> **Exercise goal**
In your copy, include every line of the listing below exactly but none of the pictures.

> **Source data**
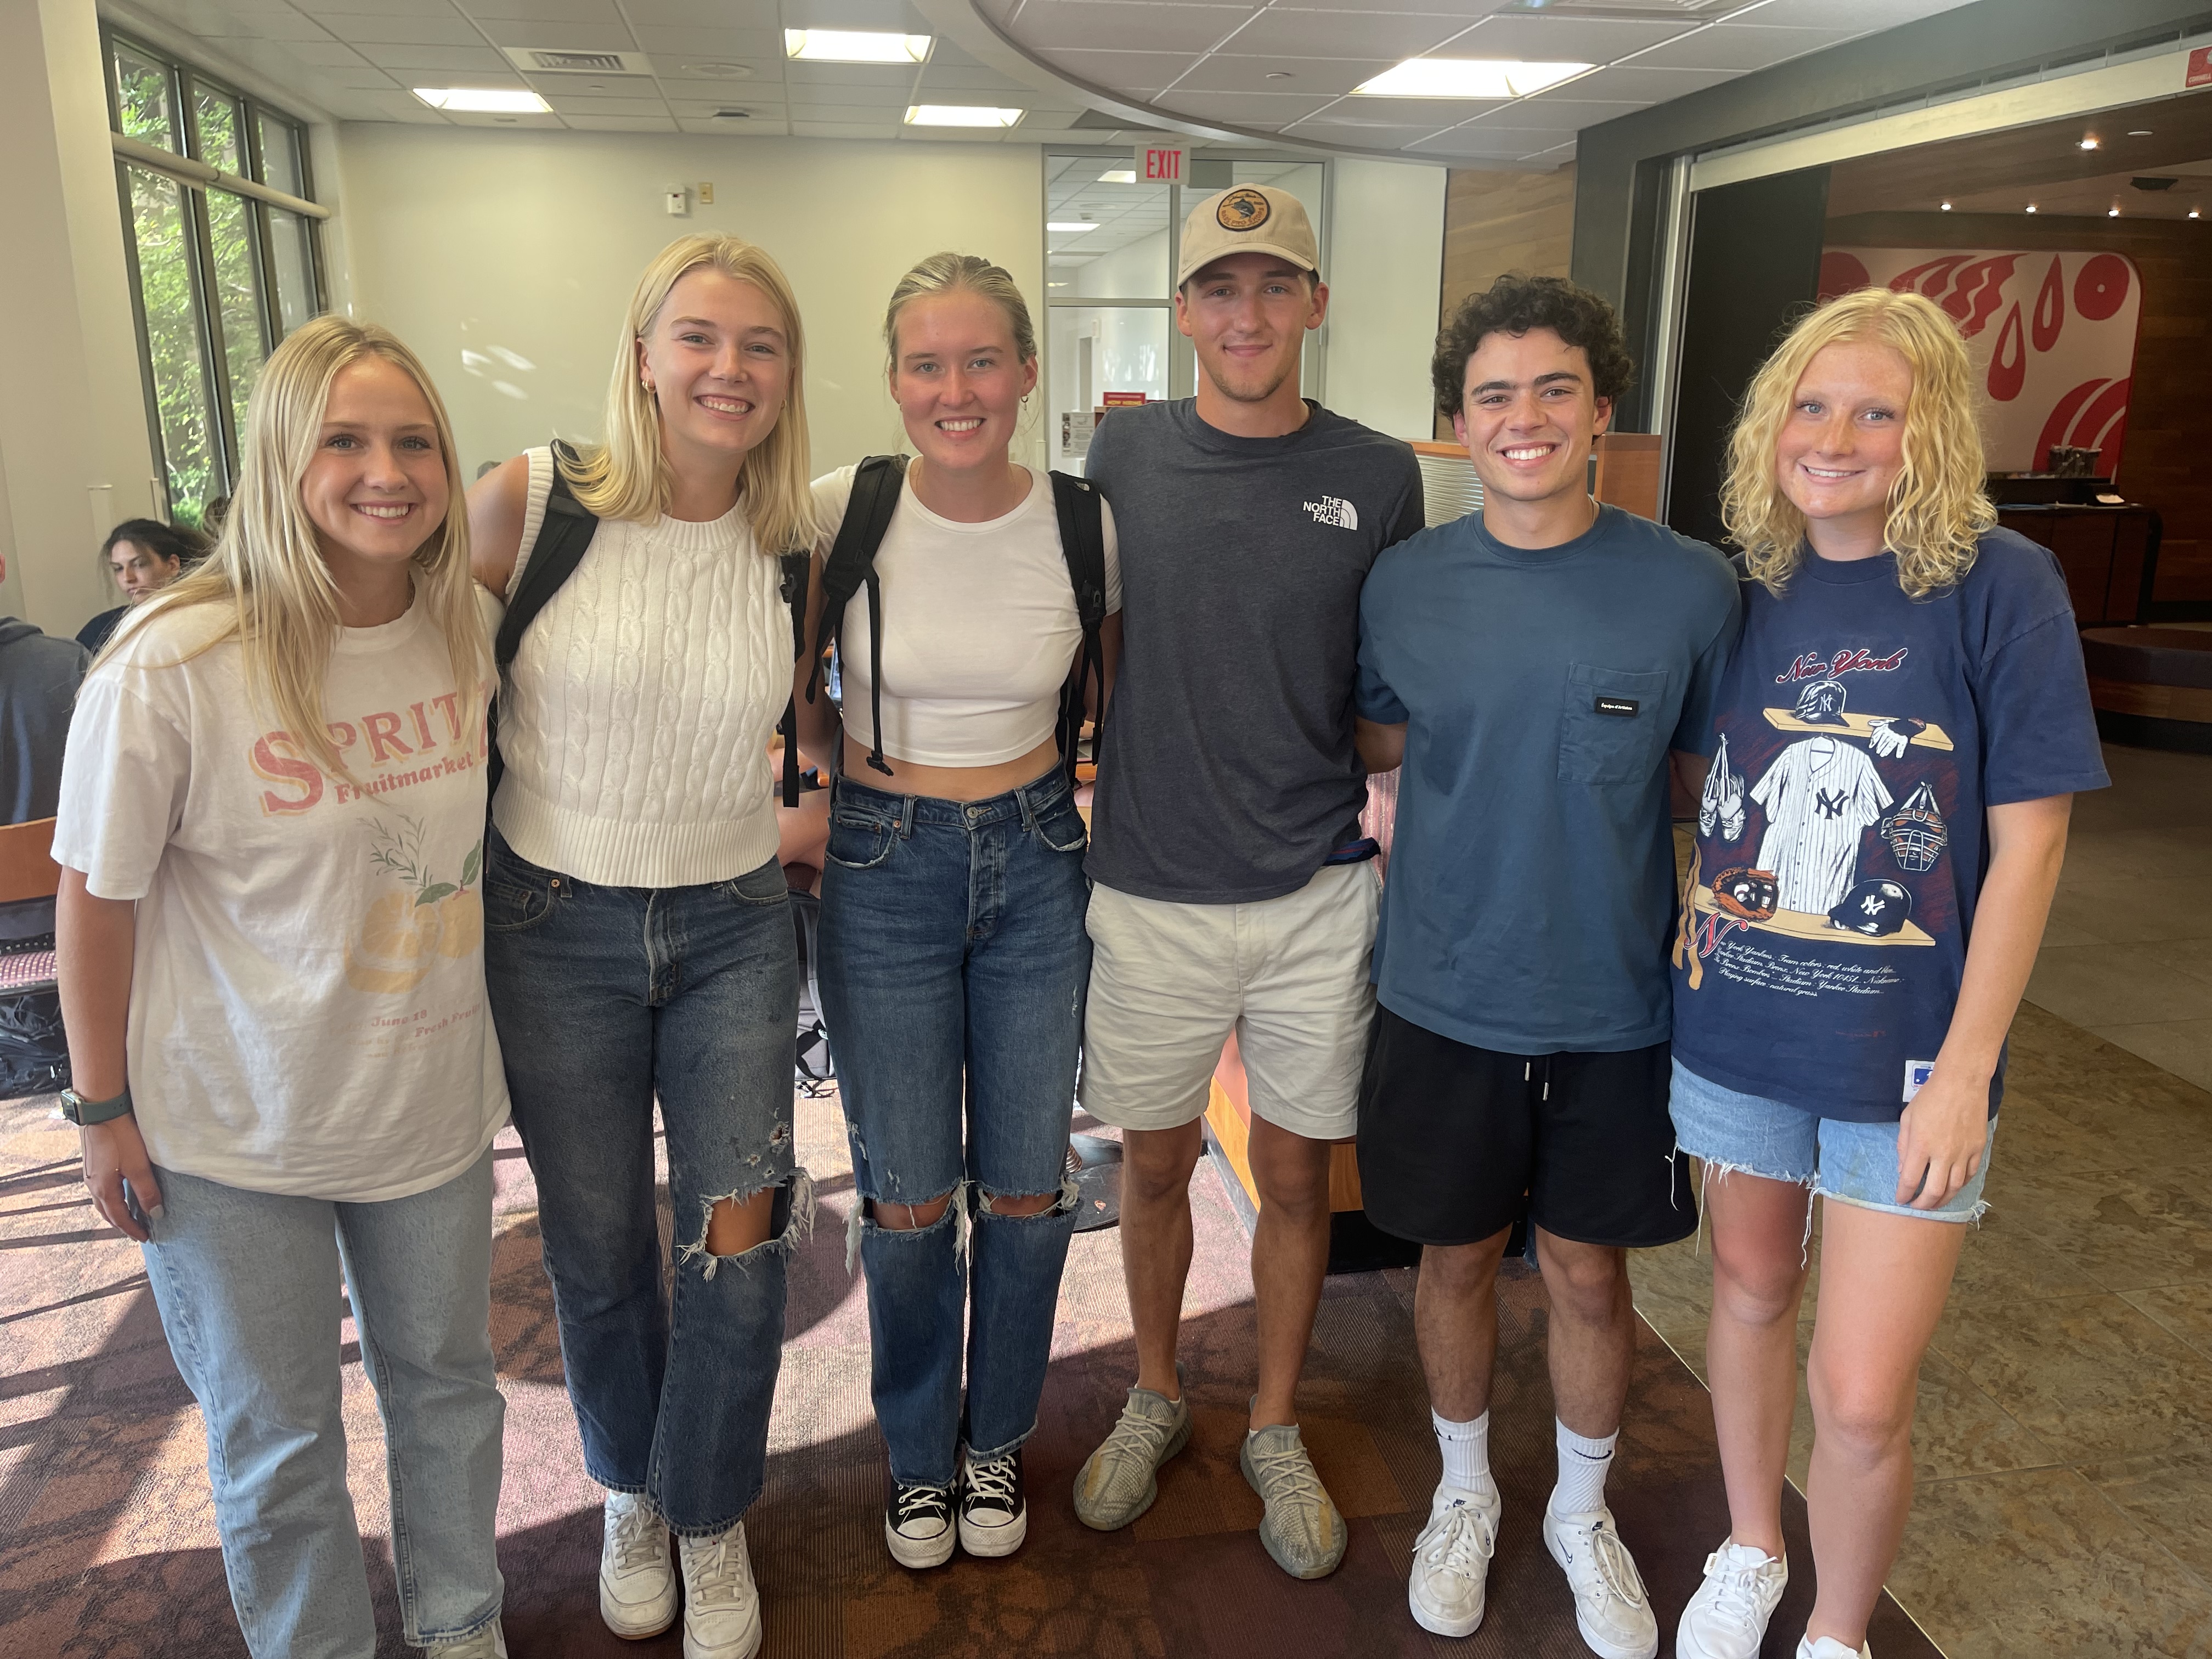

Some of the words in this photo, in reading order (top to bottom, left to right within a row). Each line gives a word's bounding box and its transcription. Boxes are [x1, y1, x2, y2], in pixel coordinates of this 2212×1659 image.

[1147, 149, 1182, 179] EXIT
[1303, 501, 1341, 517] NORTH
[1322, 495, 1342, 508] THE
[1313, 512, 1340, 526] FACE
[1776, 652, 1827, 683] New
[1827, 648, 1908, 679] York
[1819, 693, 1833, 711] NY
[334, 751, 474, 804] Fruitmarket
[1814, 787, 1850, 820] NY
[1860, 894, 1886, 916] NY
[1778, 954, 1799, 965] Team
[1841, 964, 1863, 973] white
[1790, 967, 1810, 976] New
[1810, 968, 1835, 979] York
[1718, 967, 1743, 983] Playing
[1769, 984, 1801, 993] natural
[1816, 979, 1846, 991] Yankee
[371, 1015, 409, 1027] June
[413, 1009, 427, 1022] 18
[415, 1017, 448, 1037] Fresh

> **Answer**
Some of the words in this photo, in reading order (top to bottom, left to right within a row). Each line gives a word's bounding box and its transcription. Boxes are [x1, y1, x2, y2], in pixel coordinates of this 2212×1659 image.

[1147, 149, 1182, 179] EXIT
[1303, 501, 1341, 517] NORTH
[1322, 495, 1342, 508] THE
[1313, 512, 1340, 526] FACE
[1776, 652, 1827, 683] New
[1827, 648, 1908, 679] York
[1819, 693, 1833, 711] NY
[334, 751, 474, 804] Fruitmarket
[1814, 787, 1850, 820] NY
[1860, 894, 1886, 916] NY
[1778, 954, 1799, 965] Team
[1841, 964, 1863, 973] white
[1790, 967, 1810, 976] New
[1810, 968, 1835, 979] York
[1718, 967, 1743, 983] Playing
[1769, 984, 1801, 993] natural
[1816, 979, 1846, 991] Yankee
[371, 1015, 409, 1027] June
[413, 1009, 427, 1022] 18
[415, 1017, 448, 1037] Fresh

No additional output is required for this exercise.